Taxpayers can deduct state income taxes or state and local sales taxes, but not both. Most people pay more in state income taxes than in state and local taxes, which is why residents of states with no income tax usually benefit more from the state and local tax, or SALT, deduction.
However, taxpayers who were anticipating unlimited SALT deductions, including sales taxes, could be disappointed this tax season.
That’s because the overhaul of the tax code passed by Congress in December 2017 caps the deduction for all state and local taxes, including sales taxes, to $10,000. It was previously an unlimited deduction whose benefits overwhelmingly went to high-income, high-tax states, such as California and New York.
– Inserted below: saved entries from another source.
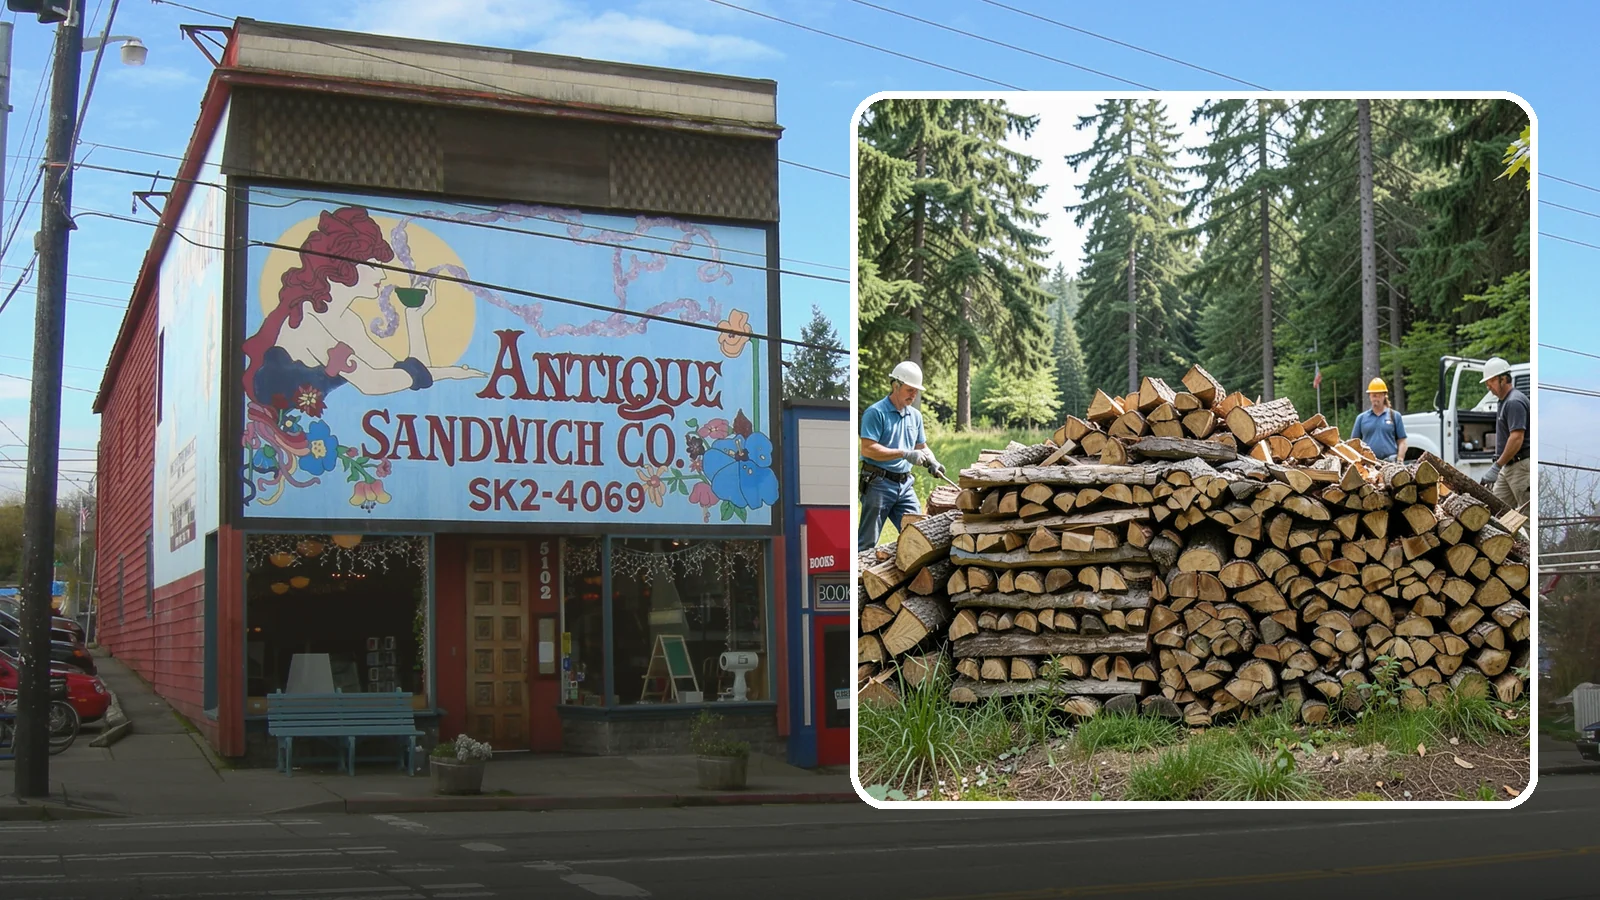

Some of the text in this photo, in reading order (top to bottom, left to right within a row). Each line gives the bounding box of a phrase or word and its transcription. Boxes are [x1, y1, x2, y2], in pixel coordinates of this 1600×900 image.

[475, 328, 724, 421] ANTIQUE
[361, 408, 685, 468] SANDWICH CO.
[468, 476, 646, 513] SK2-4069
[540, 541, 552, 600] 5102
[809, 555, 835, 569] BOOKS
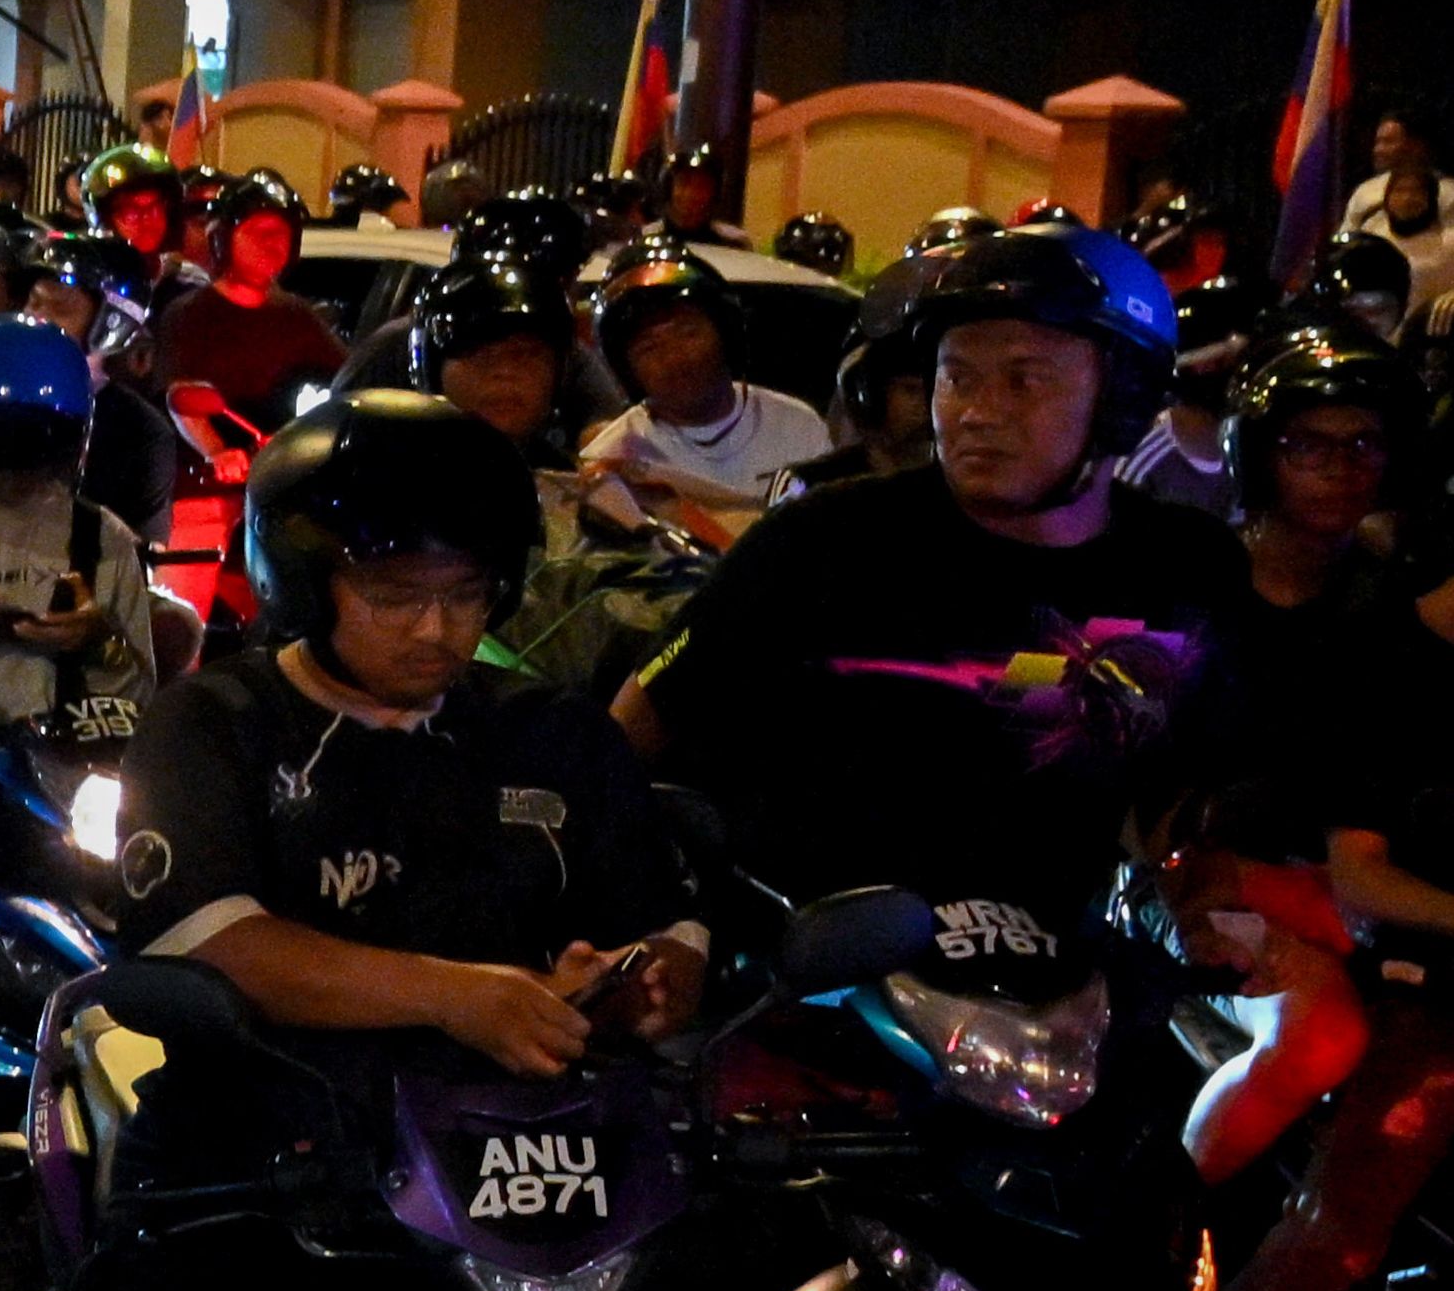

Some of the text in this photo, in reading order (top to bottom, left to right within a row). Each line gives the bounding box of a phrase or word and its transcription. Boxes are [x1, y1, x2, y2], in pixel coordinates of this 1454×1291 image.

[935, 924, 1059, 960] 5767
[479, 1133, 597, 1177] ANU
[469, 1173, 608, 1219] 4871
For example, a single filer who owed $5,000 in state income taxes and $7,000 in local property taxes could have deducted the entire $12,000 in 2017, but for 2018, he is capped at $10,000.
Married couples stand to take a bigger hit than single filers on sales-tax deductions because whether they file jointly or separately, they cannot claim more than $10,000 total in SALT deductions on their 2018 returns.
In addition, the ceiling on the SALT deduction is lower than the new standard deductions. The new tax law nearly doubled the standard deductions for 2018 to:
- $12,000 for individuals.
- $18,000 for head of household.
- $24,000 for married, filing jointly.
“A rise in the standard deduction will cause many taxpayers to rethink whether they should continue to itemize deductions,” notes Bob D. Scharin, senior tax analyst at Thomson Reuters Tax & Accounting in Hoboken, New Jersey. “The result will be an increase in the number of taxpayers who, instead, claim the standard deduction.”
Taking the standard deduction will simplify your taxes because there are no worksheets or extra forms to fill out, but you will not be able to itemize other expenses, including state and local sales taxes, home mortgage interest, charitable donations and medical and dental expenses.
Scharin says many homeowners with mortgages are expected to keep itemizing.
“Mortgage-paying homeowners remain a group of taxpayers who are more likely than others to continue to itemize deductions,” he says, “as their mortgage interest and (to the extent permitted by the state and local tax deduction cap) real estate taxes put them on the course to having significant deductions to itemize.”
If your itemized deductions reduce your taxable income more than the standard deduction, it pays to itemize.
People typically pay more in state income taxes than they do in state and local sales taxes. But double-check your totals.
Regardless of your state’s tax laws, to take full advantage of the sales-tax deduction, you have to know exactly how to file for it and which taxes you can claim.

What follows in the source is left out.